**SUPPLIED ENTRIES:**
::::::::::
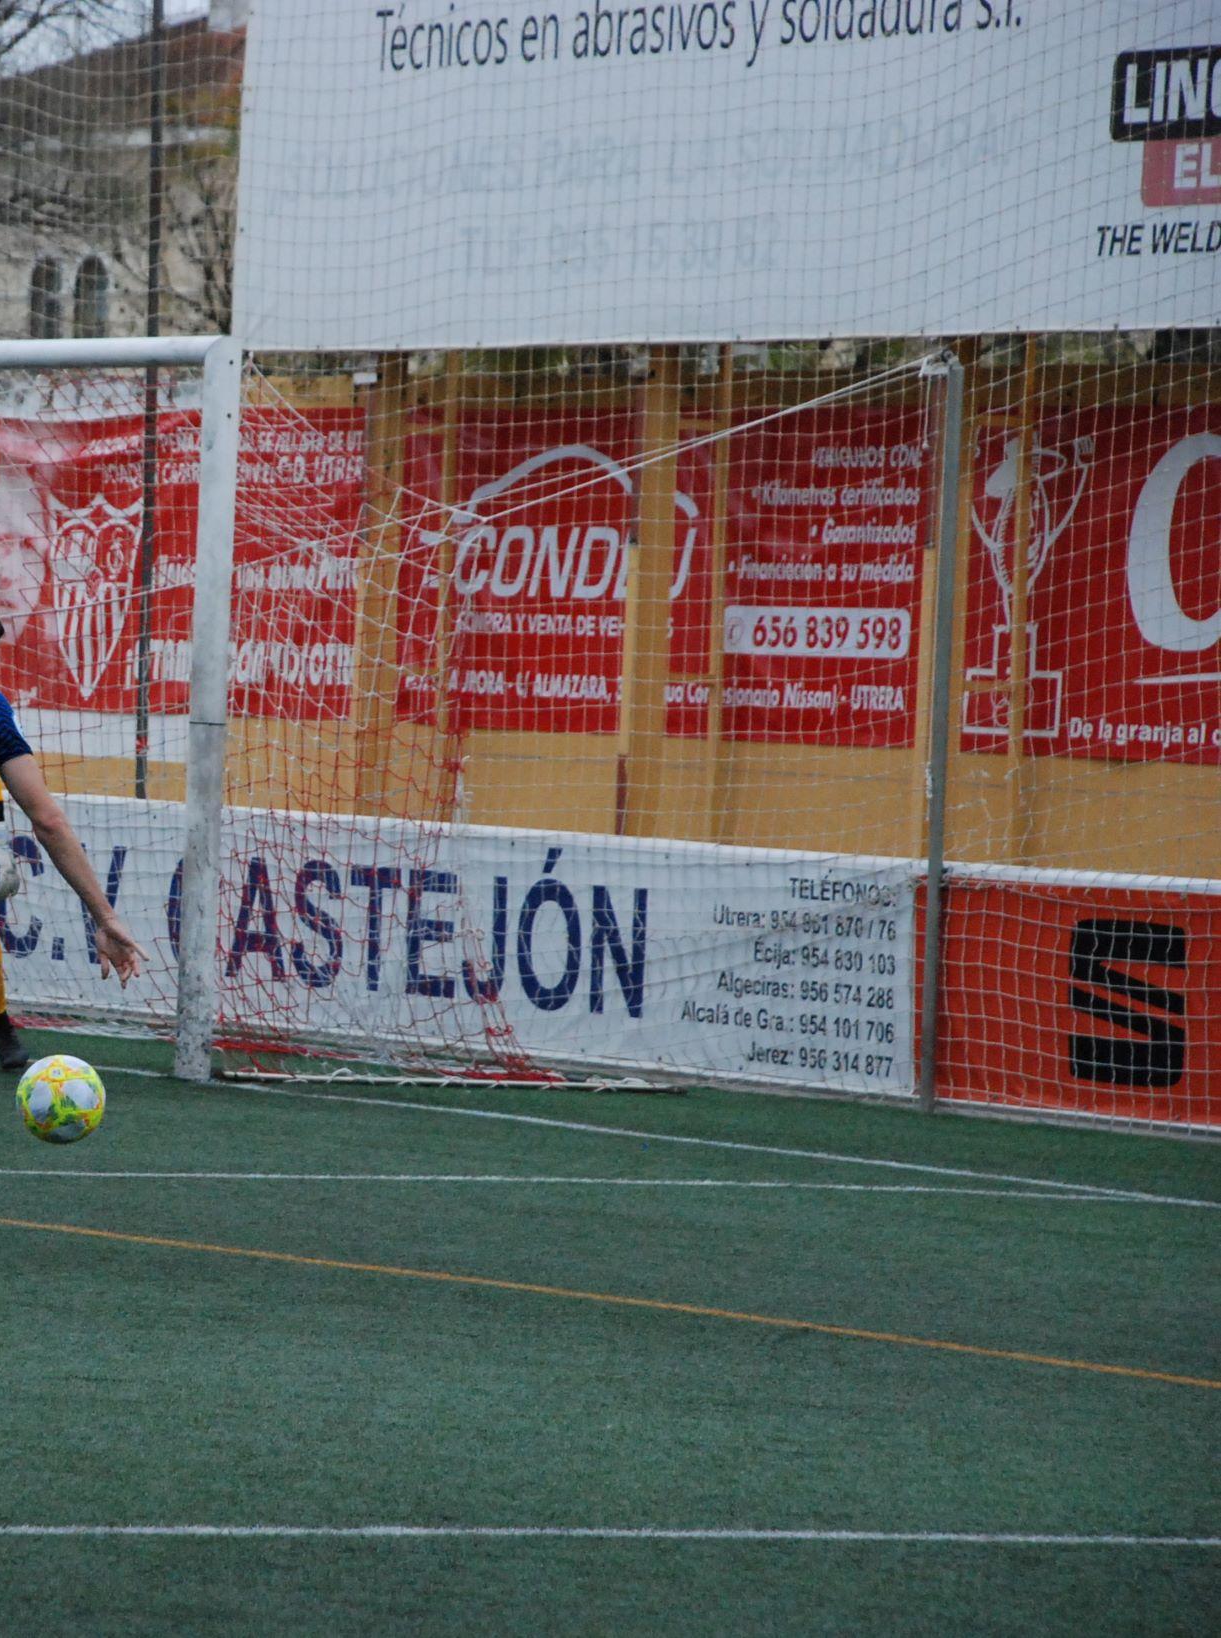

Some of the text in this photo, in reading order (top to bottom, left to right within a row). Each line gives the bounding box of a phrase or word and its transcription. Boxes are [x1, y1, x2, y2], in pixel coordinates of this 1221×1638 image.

[377, 8, 508, 71] Técnicos
[522, 27, 559, 60] en
[573, 0, 735, 58] abrasivos
[748, 10, 764, 67] y
[1097, 224, 1144, 257] THE
[860, 554, 915, 582] medida
[528, 614, 572, 636] VENTA
[576, 616, 597, 637] DE
[752, 616, 902, 650] 656 839 598
[851, 684, 904, 711] UTRERA
[1069, 716, 1093, 739] De
[1099, 717, 1113, 740] la
[1116, 722, 1184, 748] granja
[1187, 722, 1207, 744] al
[168, 846, 648, 1018] ASTEJÓN
[713, 904, 766, 928] Utrera:
[835, 916, 863, 938] 870
[879, 919, 896, 941] 76
[754, 937, 896, 976] Écija: 954 830 103
[717, 971, 795, 998] Algeciras:
[800, 979, 828, 1002] 956
[834, 982, 862, 1006] 574
[681, 1000, 729, 1026] Alcalá
[734, 1005, 752, 1027] de
[800, 1013, 827, 1036] 954
[834, 1016, 859, 1040] 101
[867, 1020, 894, 1044] 706
[748, 1041, 794, 1066] Jerez:
[832, 1050, 859, 1073] 314
[865, 1054, 894, 1078] 877
::::::::::
**WHAT THE TASK ASKS:** Apart from its pictures, the material above should be repeated exactly.

**WRITTEN RESPONSE:**
Some of the text in this photo, in reading order (top to bottom, left to right within a row). Each line gives the bounding box of a phrase or word and its transcription. Boxes are [x1, y1, x2, y2], in pixel coordinates of this 1221×1638 image.

[377, 8, 508, 71] Técnicos
[522, 27, 559, 60] en
[573, 0, 735, 58] abrasivos
[748, 10, 764, 67] y
[1097, 224, 1144, 257] THE
[860, 554, 915, 582] medida
[528, 614, 572, 636] VENTA
[576, 616, 597, 637] DE
[752, 616, 902, 650] 656 839 598
[851, 684, 904, 711] UTRERA
[1069, 716, 1093, 739] De
[1099, 717, 1113, 740] la
[1116, 722, 1184, 748] granja
[1187, 722, 1207, 744] al
[168, 846, 648, 1018] ASTEJÓN
[713, 904, 766, 928] Utrera:
[835, 916, 863, 938] 870
[879, 919, 896, 941] 76
[754, 937, 896, 976] Écija: 954 830 103
[717, 971, 795, 998] Algeciras:
[800, 979, 828, 1002] 956
[834, 982, 862, 1006] 574
[681, 1000, 729, 1026] Alcalá
[734, 1005, 752, 1027] de
[800, 1013, 827, 1036] 954
[834, 1016, 859, 1040] 101
[867, 1020, 894, 1044] 706
[748, 1041, 794, 1066] Jerez:
[832, 1050, 859, 1073] 314
[865, 1054, 894, 1078] 877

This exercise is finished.